▶ **WHAT THE TASK ASKS**
Set down all of the data again, character for character.
##### TASK MATERIAL
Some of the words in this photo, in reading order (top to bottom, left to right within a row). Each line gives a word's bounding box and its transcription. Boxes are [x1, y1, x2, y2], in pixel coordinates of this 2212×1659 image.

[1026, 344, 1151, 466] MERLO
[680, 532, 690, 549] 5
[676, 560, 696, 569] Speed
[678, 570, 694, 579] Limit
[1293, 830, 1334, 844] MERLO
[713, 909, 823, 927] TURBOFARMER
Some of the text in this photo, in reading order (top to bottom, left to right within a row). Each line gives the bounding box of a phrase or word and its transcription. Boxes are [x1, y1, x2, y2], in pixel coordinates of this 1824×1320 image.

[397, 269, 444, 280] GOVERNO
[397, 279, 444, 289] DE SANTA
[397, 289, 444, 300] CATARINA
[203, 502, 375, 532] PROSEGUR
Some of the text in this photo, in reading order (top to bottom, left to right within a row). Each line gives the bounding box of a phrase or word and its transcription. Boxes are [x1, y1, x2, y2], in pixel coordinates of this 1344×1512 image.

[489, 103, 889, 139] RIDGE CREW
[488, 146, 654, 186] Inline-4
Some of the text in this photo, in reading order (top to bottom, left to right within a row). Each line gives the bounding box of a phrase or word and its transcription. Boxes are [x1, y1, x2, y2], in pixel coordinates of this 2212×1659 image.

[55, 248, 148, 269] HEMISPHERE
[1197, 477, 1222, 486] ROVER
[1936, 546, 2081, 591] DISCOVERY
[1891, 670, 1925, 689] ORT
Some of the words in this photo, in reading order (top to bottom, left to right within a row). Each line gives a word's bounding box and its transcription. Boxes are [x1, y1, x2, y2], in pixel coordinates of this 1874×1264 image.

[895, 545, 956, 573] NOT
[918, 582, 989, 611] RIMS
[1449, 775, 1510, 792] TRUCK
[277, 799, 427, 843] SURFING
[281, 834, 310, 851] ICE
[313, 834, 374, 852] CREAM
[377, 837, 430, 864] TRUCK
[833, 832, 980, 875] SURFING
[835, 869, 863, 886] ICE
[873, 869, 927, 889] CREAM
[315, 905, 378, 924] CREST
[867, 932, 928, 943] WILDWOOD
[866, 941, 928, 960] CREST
##########
▶ **THE COMPLETED TASK**
Some of the words in this photo, in reading order (top to bottom, left to right within a row). Each line gives a word's bounding box and its transcription. Boxes are [x1, y1, x2, y2], in pixel coordinates of this 2212×1659 image.

[1026, 344, 1151, 466] MERLO
[680, 532, 690, 549] 5
[676, 560, 696, 569] Speed
[678, 570, 694, 579] Limit
[1293, 830, 1334, 844] MERLO
[713, 909, 823, 927] TURBOFARMER
Some of the text in this photo, in reading order (top to bottom, left to right within a row). Each line gives the bounding box of a phrase or word and its transcription. Boxes are [x1, y1, x2, y2], in pixel coordinates of this 1824×1320 image.

[397, 269, 444, 280] GOVERNO
[397, 279, 444, 289] DE SANTA
[397, 289, 444, 300] CATARINA
[203, 502, 375, 532] PROSEGUR
Some of the text in this photo, in reading order (top to bottom, left to right within a row). Each line gives the bounding box of a phrase or word and its transcription. Boxes are [x1, y1, x2, y2], in pixel coordinates of this 1344×1512 image.

[489, 103, 889, 139] RIDGE CREW
[488, 146, 654, 186] Inline-4
Some of the text in this photo, in reading order (top to bottom, left to right within a row). Each line gives the bounding box of a phrase or word and its transcription. Boxes are [x1, y1, x2, y2], in pixel coordinates of this 2212×1659 image.

[55, 248, 148, 269] HEMISPHERE
[1197, 477, 1222, 486] ROVER
[1936, 546, 2081, 591] DISCOVERY
[1891, 670, 1925, 689] ORT
Some of the words in this photo, in reading order (top to bottom, left to right within a row). Each line gives a word's bounding box and its transcription. Boxes are [x1, y1, x2, y2], in pixel coordinates of this 1874×1264 image.

[895, 545, 956, 573] NOT
[918, 582, 989, 611] RIMS
[1449, 775, 1510, 792] TRUCK
[277, 799, 427, 843] SURFING
[281, 834, 310, 851] ICE
[313, 834, 374, 852] CREAM
[377, 837, 430, 864] TRUCK
[833, 832, 980, 875] SURFING
[835, 869, 863, 886] ICE
[873, 869, 927, 889] CREAM
[315, 905, 378, 924] CREST
[867, 932, 928, 943] WILDWOOD
[866, 941, 928, 960] CREST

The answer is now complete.